#### [Task details]
Would you return every entry below exactly as written, without its images?

#### [Listed records]
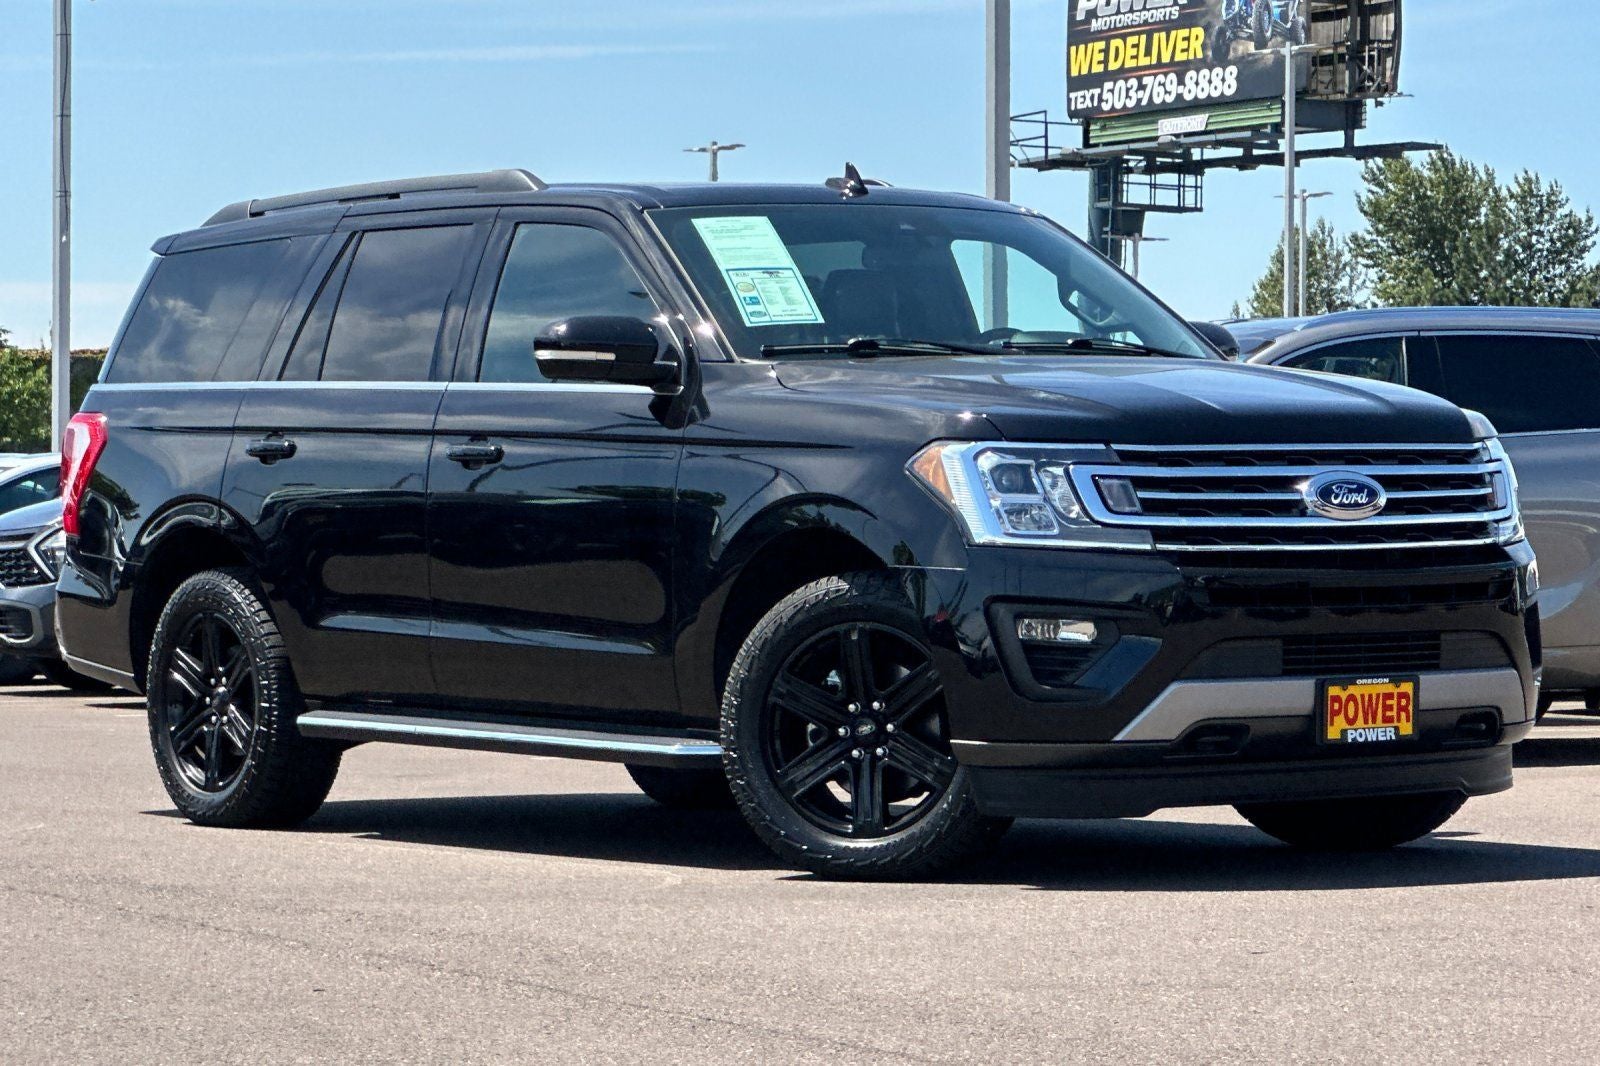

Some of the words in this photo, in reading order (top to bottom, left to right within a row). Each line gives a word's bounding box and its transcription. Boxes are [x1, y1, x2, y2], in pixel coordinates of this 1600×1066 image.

[1075, 0, 1187, 20] POW
[1090, 6, 1180, 32] MOTORSPORTS
[1070, 40, 1105, 77] WE
[1107, 27, 1204, 71] DELIVER
[1069, 88, 1101, 111] TEXT
[1101, 65, 1238, 111] 503-769-8888
[1331, 483, 1368, 504] Ford
[1329, 691, 1411, 727] POWER
[1347, 727, 1396, 743] POWER
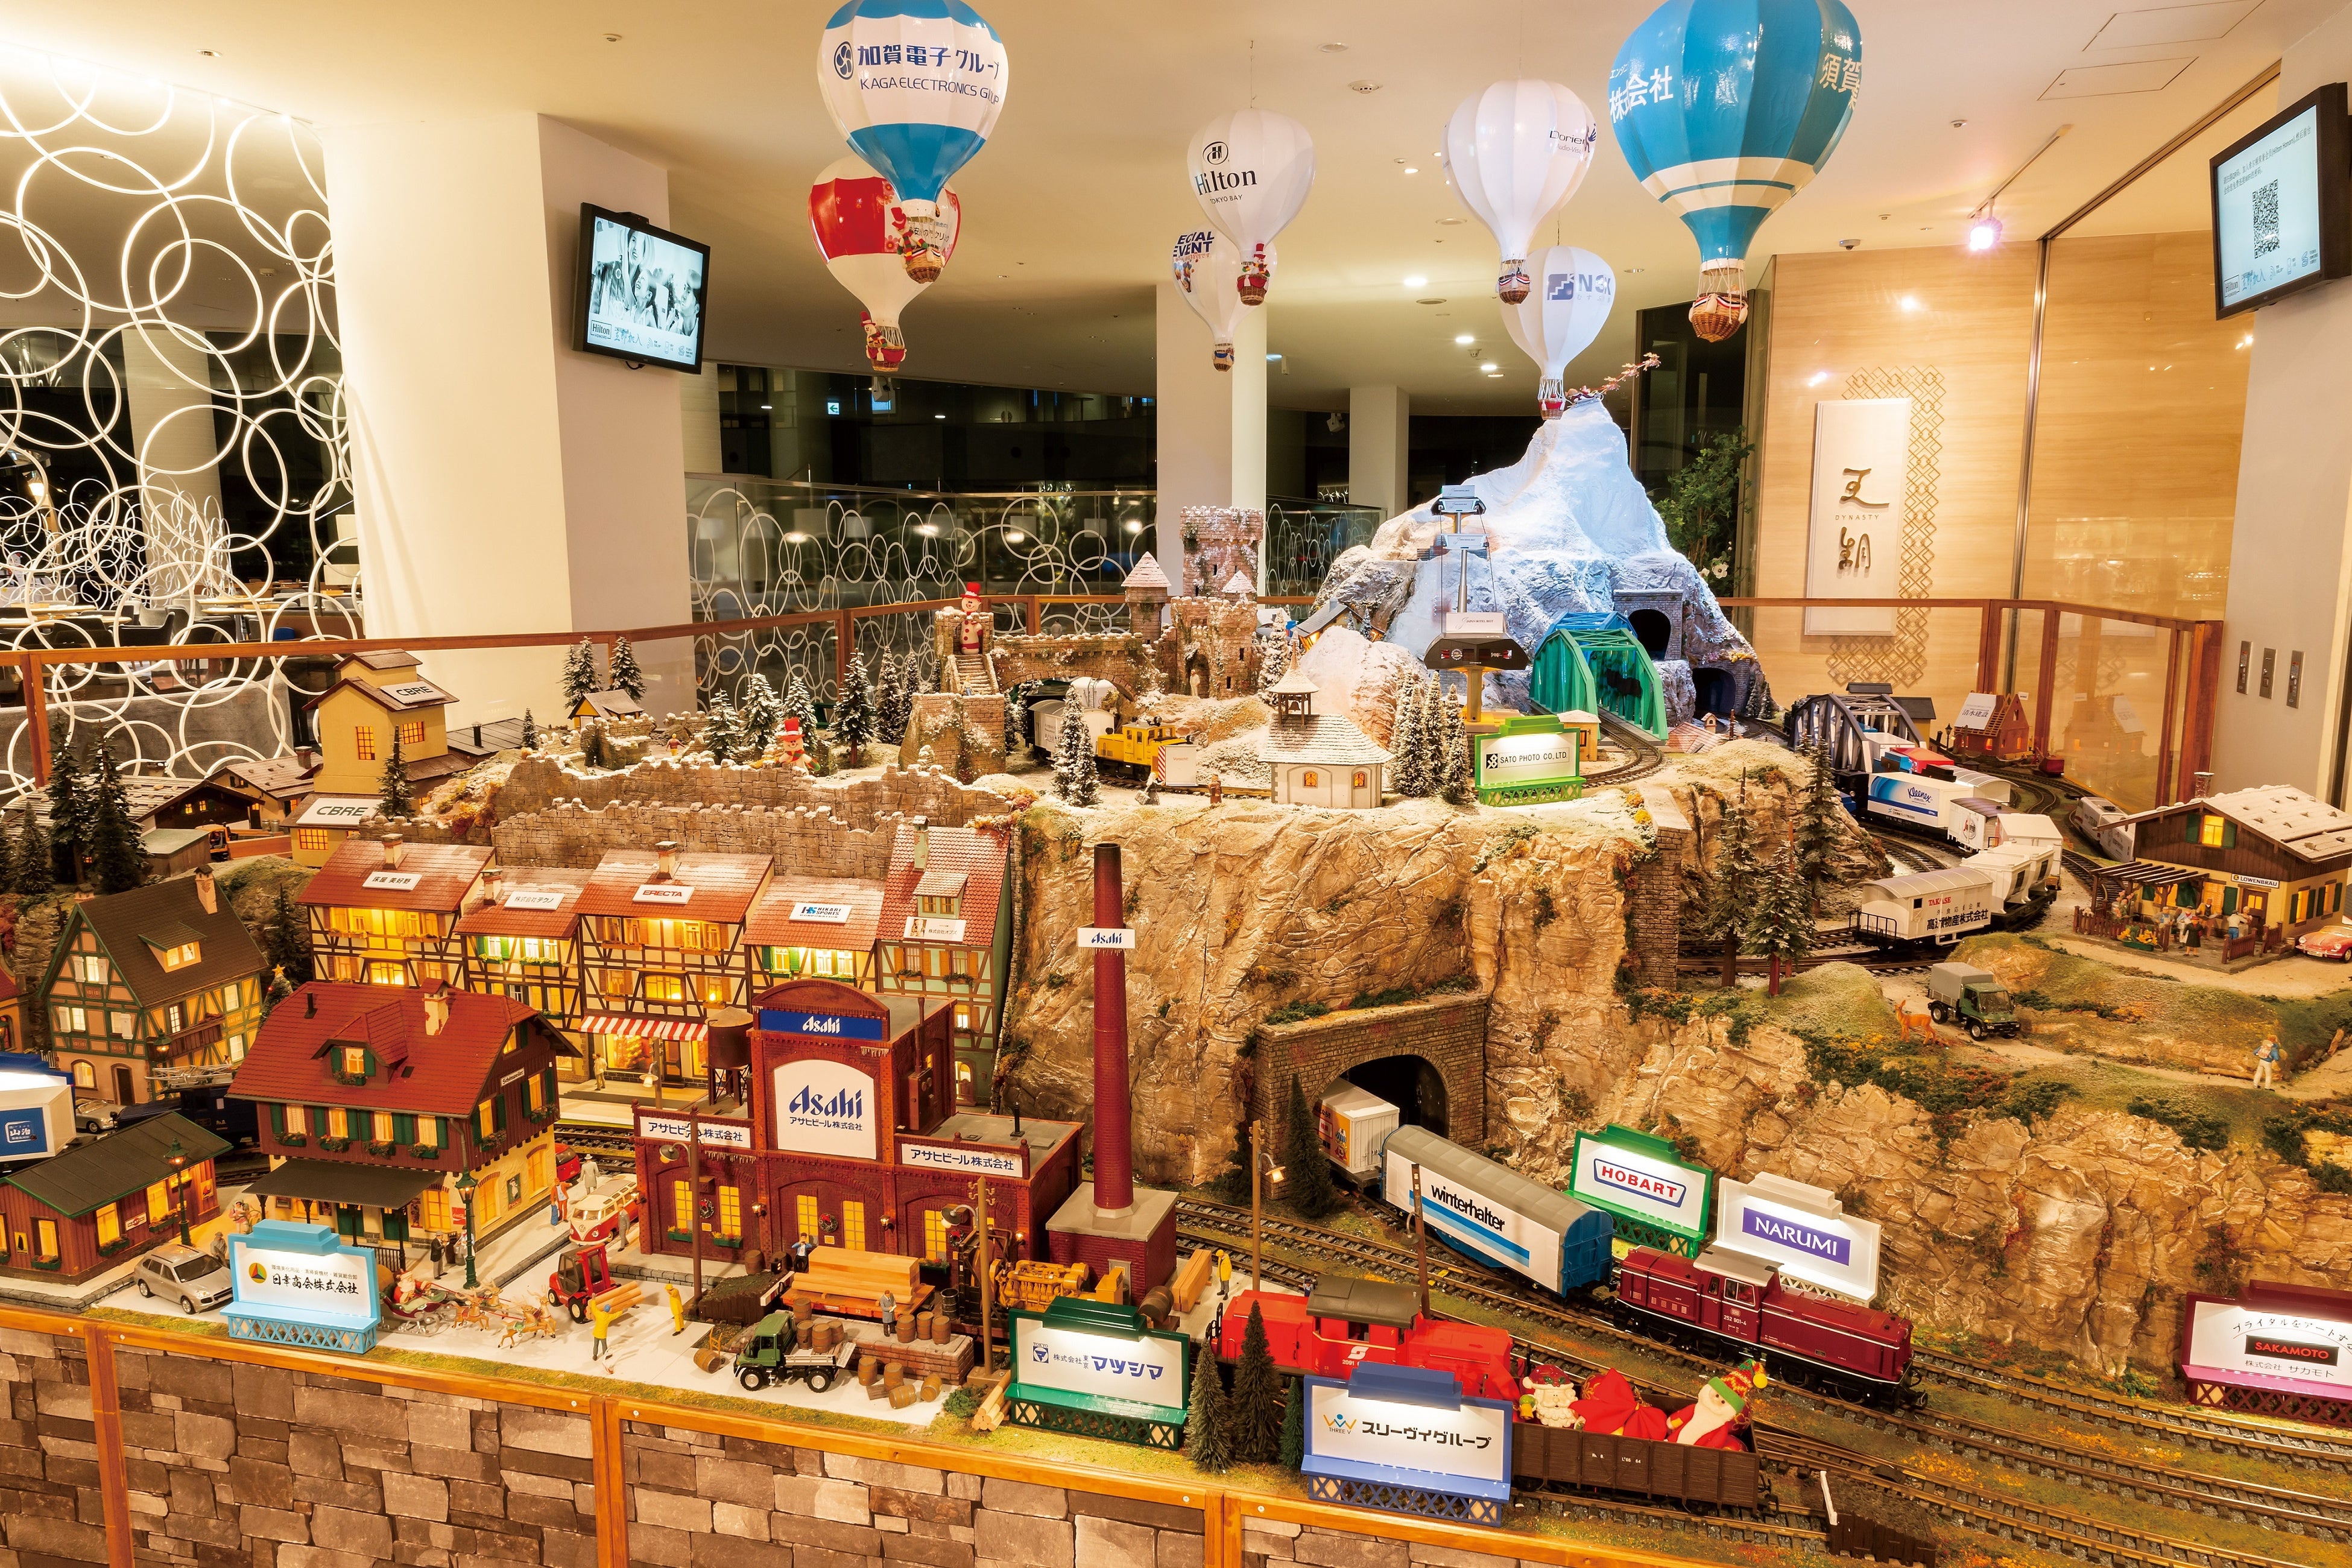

#### [Result of the task]
Some of the words in this photo, in reading order (top to bottom, left to right within a row). Each line gives a word's bounding box and its transcription. Boxes are [x1, y1, x2, y2], in pixel coordinates of this 1600×1066 image.

[1075, 0, 1187, 20] POW
[1090, 6, 1180, 32] MOTORSPORTS
[1070, 40, 1105, 77] WE
[1107, 27, 1204, 71] DELIVER
[1069, 88, 1101, 111] TEXT
[1101, 65, 1238, 111] 503-769-8888
[1331, 483, 1368, 504] Ford
[1329, 691, 1411, 727] POWER
[1347, 727, 1396, 743] POWER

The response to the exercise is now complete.